Sebelum masa Ramadhan 2020, Linda Bernadetta T (25), penjual kue yang tinggal di Jakarta Timur, merasakan betapa sulitnya mencari gula. Di gerai ritel dekat rumahnya pun dia dibatasi hanya boleh membeli maksimal 2 kg.
Saat masa-masa sulit mendapatkan gula pasir itu Linda sempat berkeliling sejumlah pasar tradisional demi mendapatkan bahan tersebut. Kini, dia menilai gula lebih mudah didapatkan seiring intervensi pasar yang dilakukan pemerintah.
Selain faktor pasokan yang kurang, tingginya harga gula beberapa bulan terakhir dinilai turut dipicu oleh ulah para pemburu rente.
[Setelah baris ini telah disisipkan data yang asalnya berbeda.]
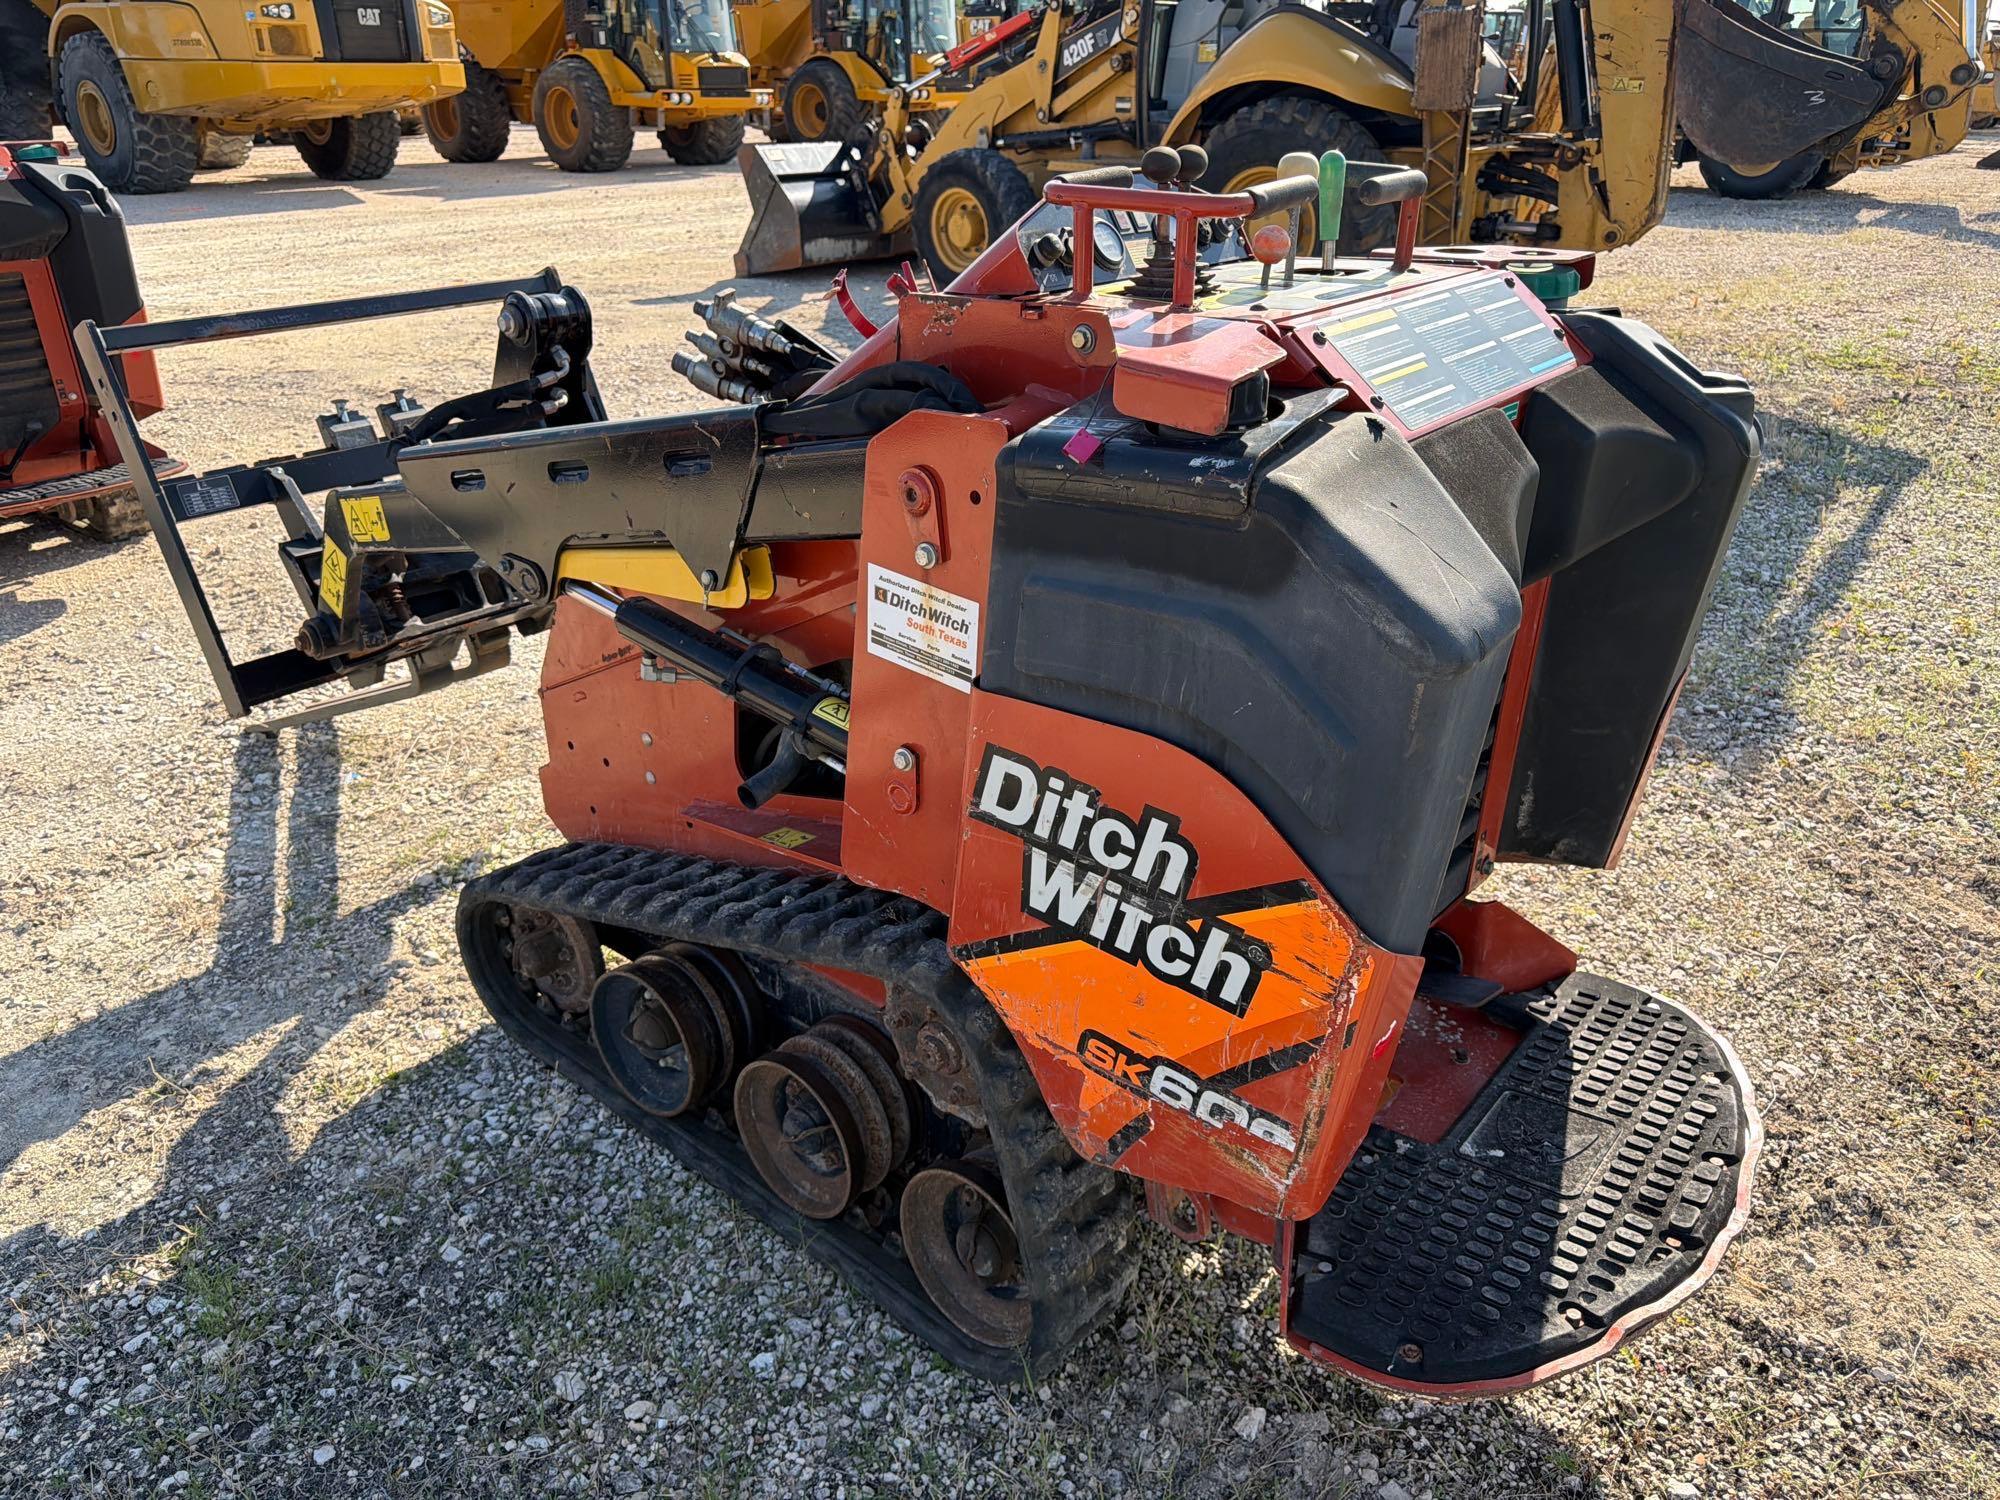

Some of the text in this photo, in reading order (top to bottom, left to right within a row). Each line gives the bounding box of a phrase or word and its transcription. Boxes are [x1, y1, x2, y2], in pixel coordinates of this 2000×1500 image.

Peneliti Asosiasi Ekonomi Politik Indonesia (AEPI) sekaligus anggota Pokja Dewan Ketahanan Pangan, Khudori, berpendapat, berbagai relaksasi kebijakan yang diterapkan pemerintah di tengah pandemi memunculkan banyak pemain yang memanfaatkan situasi untuk mengeruk keuntungan. ”Dengan pemakluman pandemi, orang-orang sengsara, sementara sebagian berpesta pora,” katanya.
Pemerintah seharusnya tidak berhenti pada para pemain kecil, tetapi menyasar pemain besar yang bisa jadi memainkan modus serupa dengan margin keuntungan lebih besar dan kuantitas lebih banyak.
”Kebutuhan bulanan (gula nasional) 250.000 ton, sementara gula yang ditemukan dan (diduga) dimainkan baru 1.100 ton. Pelaku kakapnya masih beredar dan belum ketahuan,” ujarnya.